An unlikely but nevertheless striking series of skull watches come from the French maker of aviation-inspired timepieces, Bell & Ross. They adopted the skull and crossbones, better known as the Jolly Roger, which emerged during the golden age of piracy. As life on the high seas brought together pirates from far and wide who spoke  different tongues, the Jolly Roger became the uniform symbol that transcended national origin and united them. The skull motif was also used to strike fear in the heart of the ships they pursued, sometimes pillaging for the state and at other times for personal gain.

Bell & Ross took its most famous watch case, the square BR 01, and fitted it with a skull-shaped dial and bezel. The idea spawned various iterations, including a bejewelled skull, another in greenish patinated bronze, as well as a fabulous engraved version that lassoed in tattooing, yet another martial tradition.


Richard Mille

With cost comes notoriety, and at the stratospheric end of the spectrum is the half-million dollar RM 052 Skull Tourbillon from Richard Mille, perhaps the perfect horological complement to Philipp Plein’s clothing. Richard Mille took the skull watch to the next logical (and pun-inflected) step: skeletonisation. Not merely a skull inlay, the open-working was smartly integrated into the movement.

The watch has a skull-shaped base plate made of titanium, with a pair of crossbones that serve as bridges. Interestingly, the skull has its mouth slightly agape to reveal the cap jewel of the tourbillon, giving the impression that it is about to devour time.


HYT

Another unexpected brand to ride on the coattails of the skull’s modern-day preponderance is the maker of fluid-filled watches, HYT. Unlike the most of its timepieces that have a circular glass capillary to indicate the hours, the HYT Skull has it shaped with eight bends to form the outline of a skull. The right eye of the skull displays the power reserve indicator while the other eye contains the constant seconds.

The design has lent itself to various iterations with the more memorable ones being the Skull Maori which features a skull hand-engraved with a Maori tribal tattoo, and also the Skull Pocket that has a hunter case. The lid opens to reveal a faceted skull with a dynamo-powered light that illuminates the dial, charged and activated via the pusher at five o’clock.


Corum 

At Baselworld 2018 Corum has revived its classic Coin watch and put a modern spin on it. The Heritage Artisan Coin Watch showcases the coin engraving work of New York-based Russian artist Aleksey Saburov, who is part of the thriving community of contemporary hobo nickel engravers.

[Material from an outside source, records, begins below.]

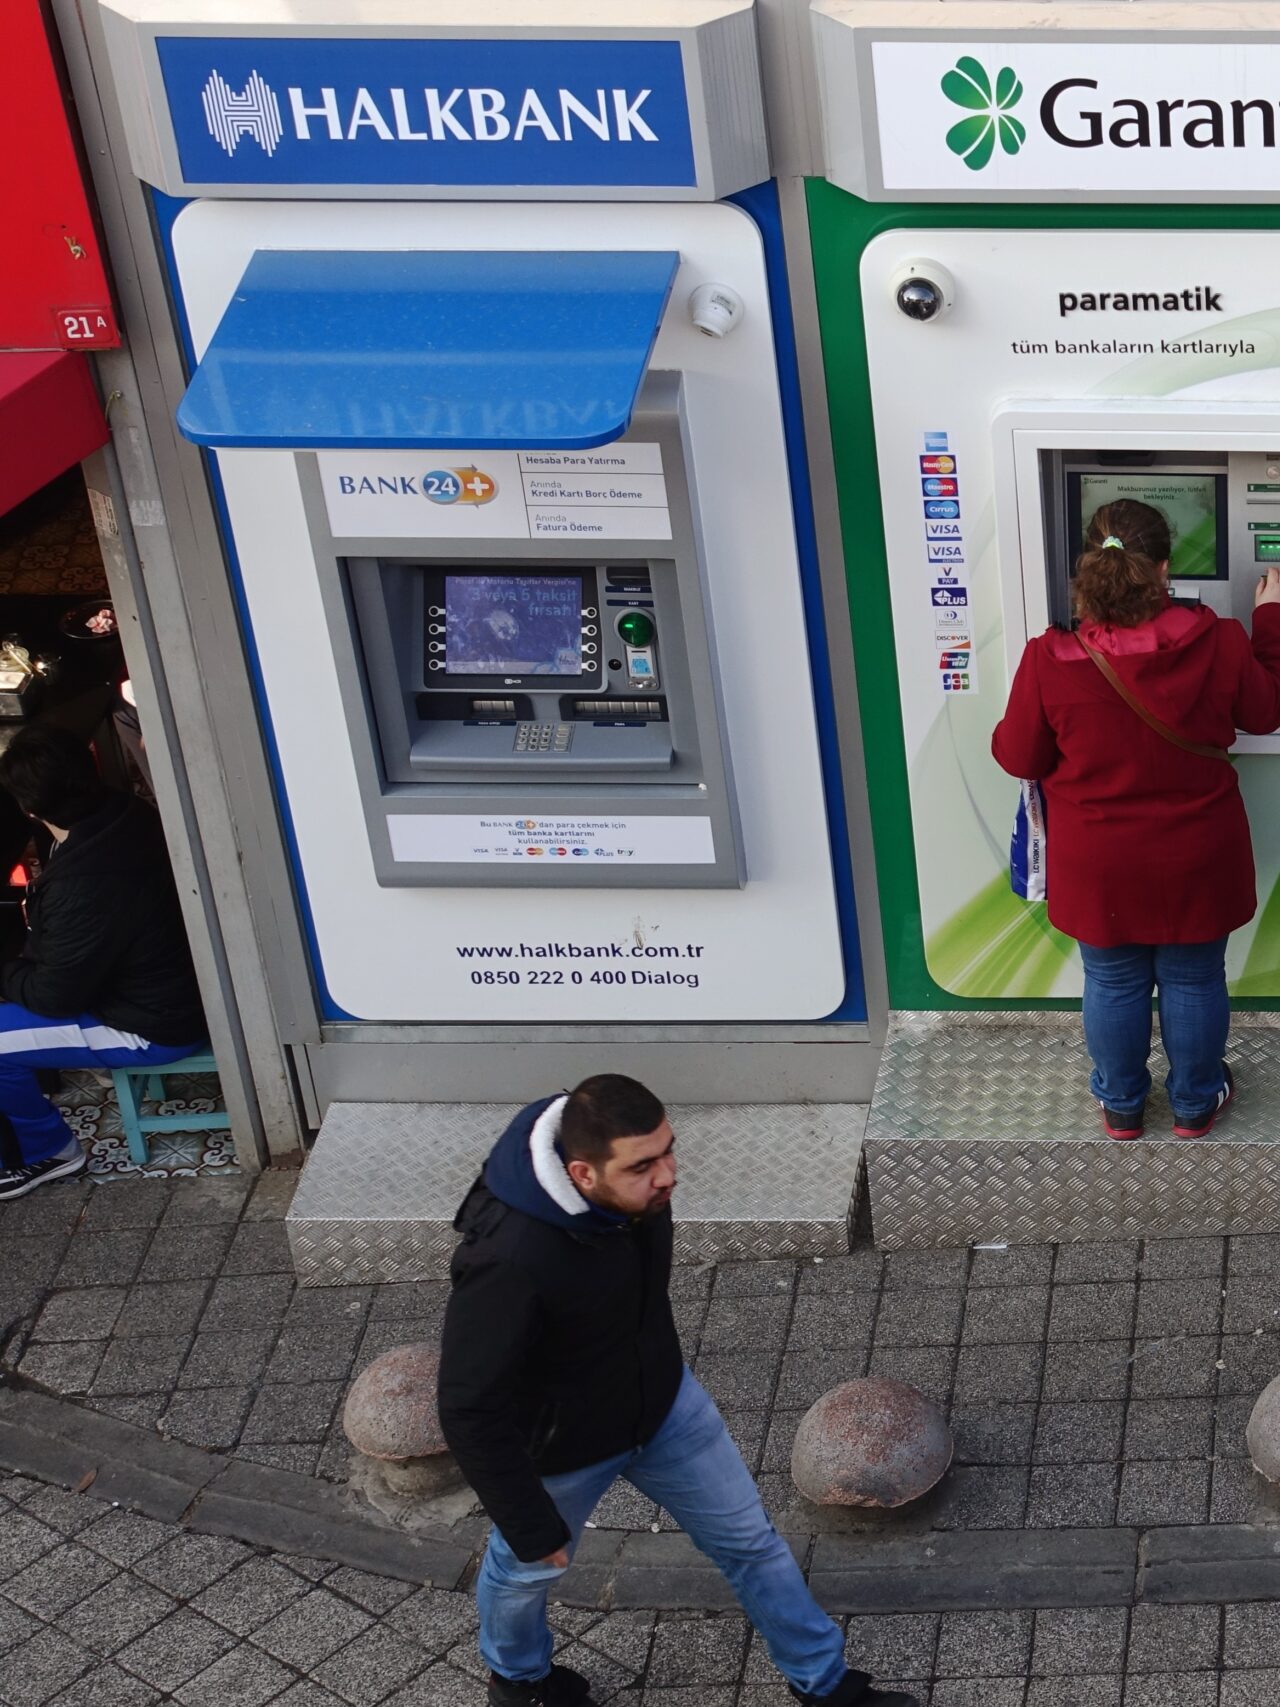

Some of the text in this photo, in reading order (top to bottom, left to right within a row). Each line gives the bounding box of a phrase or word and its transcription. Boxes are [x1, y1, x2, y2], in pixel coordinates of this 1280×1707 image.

[287, 87, 660, 142] HALKBANK
[1058, 286, 1224, 317] paramatik
[1011, 339, 1256, 357] tüm bankaların kartlarıyla
[526, 456, 626, 466] Hesaba Para Yatırma
[339, 475, 420, 495] BANK
[530, 480, 562, 489] Anında
[531, 488, 643, 499] Kredi Kartı Borç Ödeme
[535, 513, 567, 523] Anında
[536, 521, 603, 532] Fatura Ödeme
[931, 524, 960, 534] VISA
[932, 546, 962, 556] VISA
[536, 588, 578, 601] taksit
[942, 596, 966, 605] PLUS
[456, 943, 705, 958] www.halkbank.com.tr
[470, 971, 700, 988] 0850 222 0 400 Dialog

Deeply rooted in American culture, the “hobo nickel” is an engraved small denomination coin, an art form that emerged during the Great Depression. They were so dubbed because they were borne of creatively economical hobos who would fashion classic Buffalo nickels with whimsical designs to make a miserly profit.

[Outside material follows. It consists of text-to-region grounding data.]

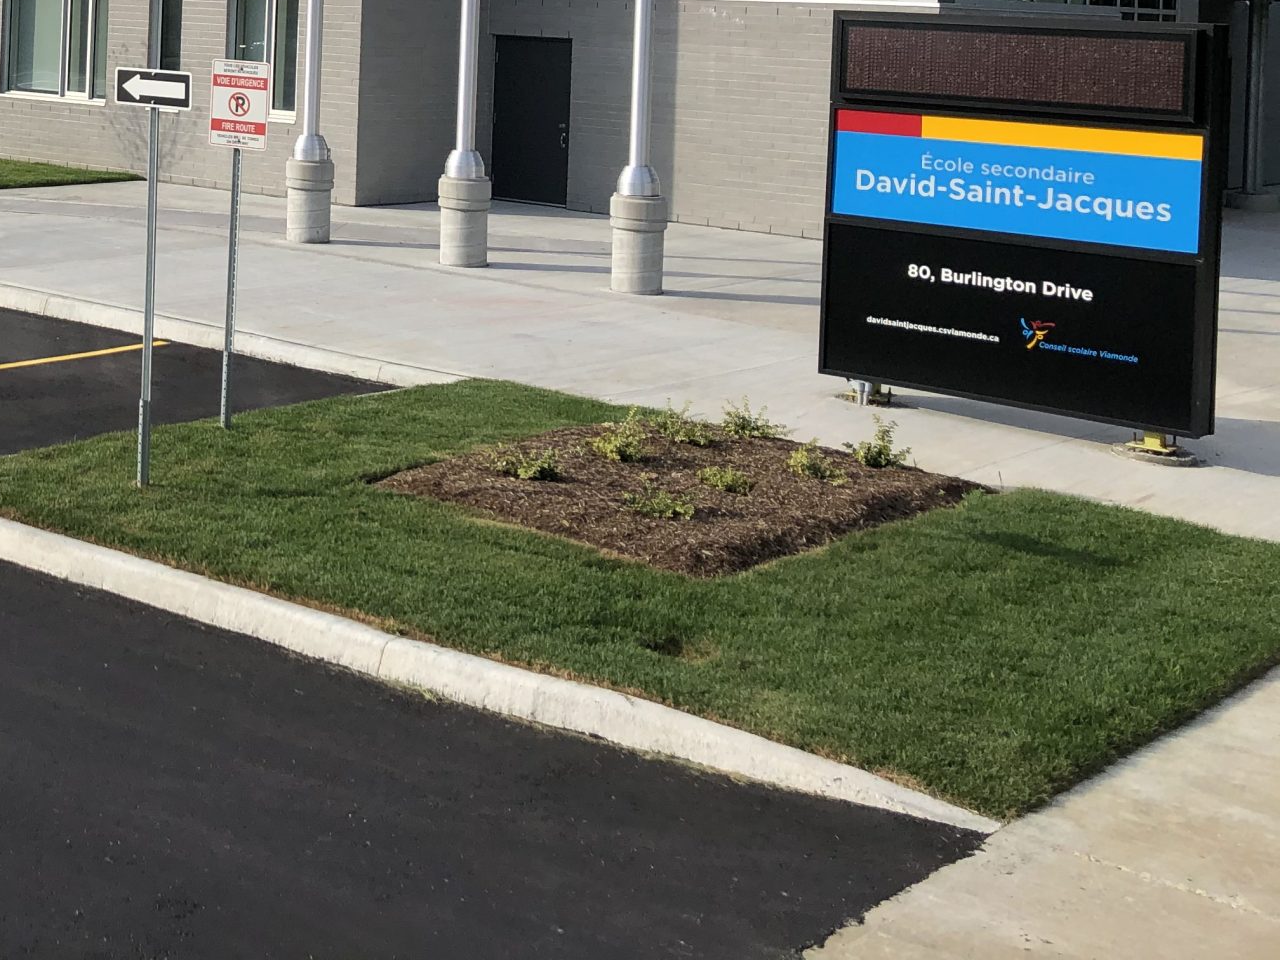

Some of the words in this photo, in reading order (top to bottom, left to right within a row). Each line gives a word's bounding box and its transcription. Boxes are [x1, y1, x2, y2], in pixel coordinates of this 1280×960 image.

[217, 76, 230, 84] VOIE
[231, 78, 264, 88] D'URGENCE
[221, 122, 235, 130] FIRE
[236, 124, 256, 132] ROUTE
[921, 150, 974, 174] École
[981, 160, 1095, 186] secondaire
[856, 169, 1172, 222] David-Saint-Jacques
[908, 264, 936, 282] 80,
[941, 267, 1037, 292] Burlington
[1042, 281, 1094, 302] Drive
[866, 315, 1000, 343] davidsaintjacques.csviamonde.ca
[1039, 341, 1067, 353] Conseil
[1068, 346, 1098, 358] scolaire
[1099, 349, 1138, 364] Viamonde

Each Corum Hobo Coin Watch features a certain depiction of a skull, micro-engraved on a U.S. silver dollar. The coin is split, with the two halves sandwiching the movement; one half forms the dial and the other the case back. It is housed in a 43mm silver case with a sapphire-tipped crown and a bezel that is fluted to mimic the edge of a coin. The watch fitted with a denim strap, another emblem of pop culture, and is powered by the automatic cal. CO 082, which is based on the ETA 2892.


CLVII Paris

Nowhere is the appropriation of skull motifs more widespread than in contemporary streetwear. High-end French label, CLVII, named after its location – 157 rue du Faubourg Saint Honoré – was set up in 2007 and has dressed athletes like football player Didier Drogba, as well as musicians like Lil’ Wayne and Jason Derulo.

CLVII recently launched its first watch collection featuring its founder’s signature, and decidedly hedonistic, intepretation of momento mori – a toothy skull wearing a pair of retro aviator shades. The case is made of stainless steel with either an aged or rose gold finish, and houses an automatic Seiko Epson NH35 movement, fittingly inexpensive for a watch of an inherently temporal nature.